• TASK: The full listing, start to finish: write it out again exactly.
- - - - -
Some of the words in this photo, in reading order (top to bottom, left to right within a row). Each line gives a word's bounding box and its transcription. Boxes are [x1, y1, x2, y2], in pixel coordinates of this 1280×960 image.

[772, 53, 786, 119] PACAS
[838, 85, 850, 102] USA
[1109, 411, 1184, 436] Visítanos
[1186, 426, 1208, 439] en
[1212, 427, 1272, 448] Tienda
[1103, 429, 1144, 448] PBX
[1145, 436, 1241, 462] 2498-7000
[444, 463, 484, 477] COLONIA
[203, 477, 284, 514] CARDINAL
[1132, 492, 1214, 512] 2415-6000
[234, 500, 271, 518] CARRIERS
- - - - -
• EXPECTED ANSWER:
Some of the words in this photo, in reading order (top to bottom, left to right within a row). Each line gives a word's bounding box and its transcription. Boxes are [x1, y1, x2, y2], in pixel coordinates of this 1280×960 image.

[772, 53, 786, 119] PACAS
[838, 85, 850, 102] USA
[1109, 411, 1184, 436] Visítanos
[1186, 426, 1208, 439] en
[1212, 427, 1272, 448] Tienda
[1103, 429, 1144, 448] PBX
[1145, 436, 1241, 462] 2498-7000
[444, 463, 484, 477] COLONIA
[203, 477, 284, 514] CARDINAL
[1132, 492, 1214, 512] 2415-6000
[234, 500, 271, 518] CARRIERS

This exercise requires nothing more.